Vemos ya desde esta definición una sugerencia de que la persona puede pasar por situaciones que «sobrecargan» sus recursos físicos de tal manera que se dé una saturación que su sistema nervioso pueda no sobrellevar. Es evidente la impronta mecánica que por analogía ayuda a entender el plano más físico del impacto del estrés en cuanto fuerza desgastante. Dicho concepto, llevado rectamente a la realidad humana, ayuda a reflexionar sobre una recta exigencia personal que eduque para la entrega generosa en la medida de las propias capacidades y posibilidades según la realidad de cada uno.

Siglo XIX

El «desgaste nervioso»

Un hallazgo que avanza en esta línea se da hacia la llegada del siglo XIX, cuando el médico americano George Beard (1839-1883) describe un cuadro frecuente en sus pacientes como resultado de una «sobrecarga» de las demandas propias del nuevo siglo, y lo llama «neurastenia». Este estudioso fue quien en 1868 popularizó el término «neurastenia», aunque ya antes, en 1833, Van Dusen lo había utilizado en el Diccionario Médico Dunglison [4].

Si bien es cierto que la neurastenia no alude a un cuadro idéntico al del «estrés moderno», Beard hace el gran aporte de sugerir que las condiciones sociales y las exigencias de la creciente vida urbana moderna pueden suscitar un desequilibrio en la persona que podría culminar en una enfermedad mental. Esto, además, contribuyó a que los problemas psicológicos que entonces se calificaban como «nerviosos» perdieran el estigma que llevaban de enfermedad psiquiátrica. Estas nuevas ideas, además, dieron pie a que se plantearan nuevas y más humanas hipótesis de tratamiento que las aplicadas a las llamadas «enfermedades nerviosas». Esta novedosa perspectiva, al considerar la realidad social del individuo, exige educar a la persona en un sano y adecuado afrontamiento de las exigencias del medio.

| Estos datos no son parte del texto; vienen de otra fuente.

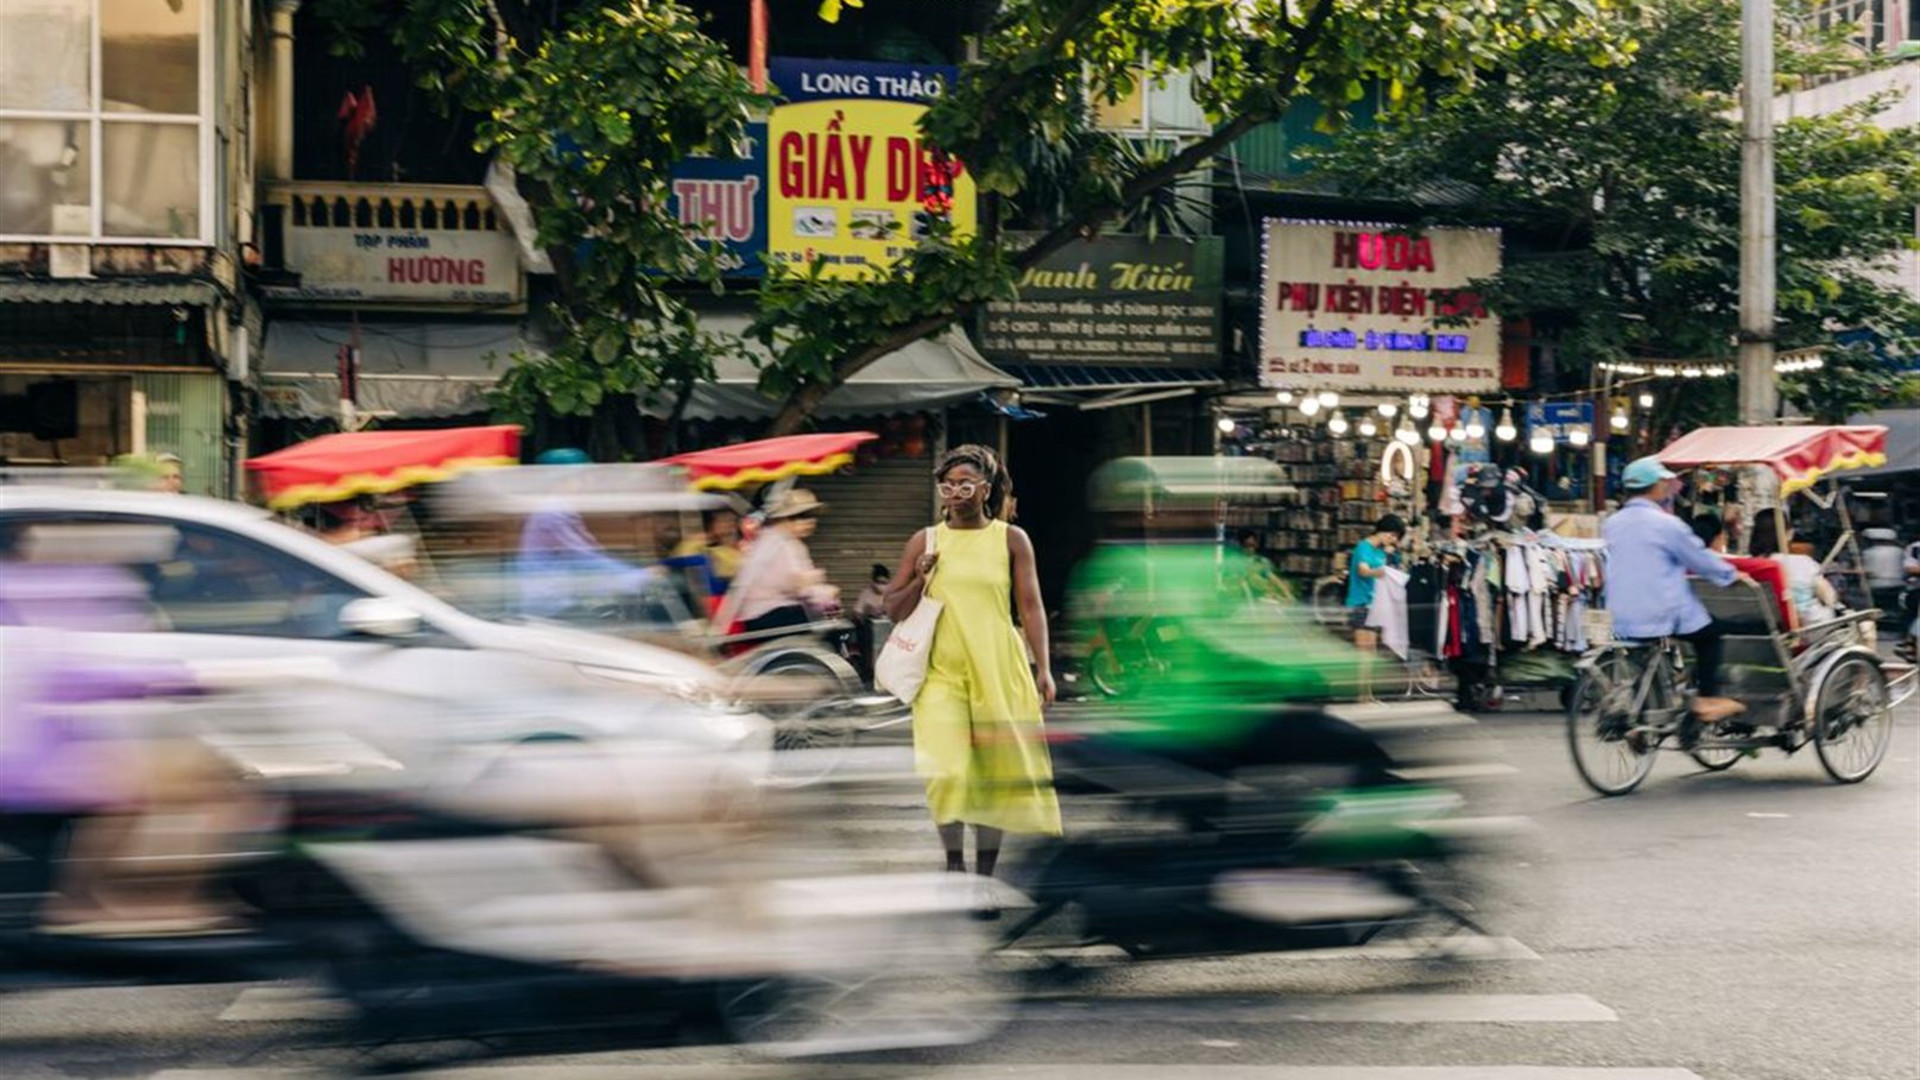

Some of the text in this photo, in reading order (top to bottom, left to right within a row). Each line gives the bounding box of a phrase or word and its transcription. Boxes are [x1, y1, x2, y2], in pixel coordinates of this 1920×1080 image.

[801, 72, 870, 95] LONG
[673, 175, 760, 242] THƯ
[1333, 232, 1436, 272] HUDA
[387, 255, 485, 285] HƯƠNG

Paralelamente, en Inglaterra se diagnosticó una enfermedad similar, descubierta por el escocés George Cheyne (1671-1743), quien la presentaba también como propiciada por la situación social existente en ese momento, pero que, en este caso, se circunscribía sólo a la parte de la población de nivel socioeconómico alto. Por contar con este diagnóstico, los médicos ingleses no comenzaron a usar el término «neurastenia» sino hasta 50 años después que Kugelmann (1992) [5] menciona que empezando en 1880, durante 40 años, el cuadro de neurastenia se consideró una enfermedad resultante de una sobrecarga del sistema nervioso que producía una serie de desórdenes, por lo que se le llamó también «debilidad de los nervios» Beard [6]. Otros nombres usados como sinónimos de esta enfermedad fueron «postración nerviosa», «agotamiento nervioso», «fatiga patológica» o «irritabilidad mórbida» [7].

Beard consideraba una amplia gama de síntomas físicos y mentales tales como una alta ansiedad, fatiga extrema, desesperación, fobias e insomnio; e incluso problemas de atención, migraña, indigestión e impotencia sexual [8].

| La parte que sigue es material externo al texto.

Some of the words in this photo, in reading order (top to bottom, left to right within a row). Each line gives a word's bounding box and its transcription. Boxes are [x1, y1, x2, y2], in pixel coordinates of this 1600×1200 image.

Ensayos de explicación etiológica

La mentada neurastenia se ubicó dentro de las llamadas «enfermedades nerviosas» de esa época. Resulta interesante considerar las diversas explicaciones que se daban entonces para este tipo de enfermedades, ya que toman en cuenta variables que relacionan aspectos sociales y éticos con la enfermedad nerviosa.

En Inglaterra la llamada «english malady», identificada por Cheyne, afectaba principalmente a la élite intelectual de dicha sociedad y se atribuía a un exceso de comodidad y pereza y a una dificultad para afrontar el momento de aflicción que atravesaban como civilización moderna. Beard, por su parte, consideraba que la neurastenia era un desorden propio de la «cultura moderna» motivado por el intenso y agitado ritmo propio de la vida urbana americana, que producía consecuencias negativas a nivel psicológico en las personas como el desgaste y el desequilibrio emocional.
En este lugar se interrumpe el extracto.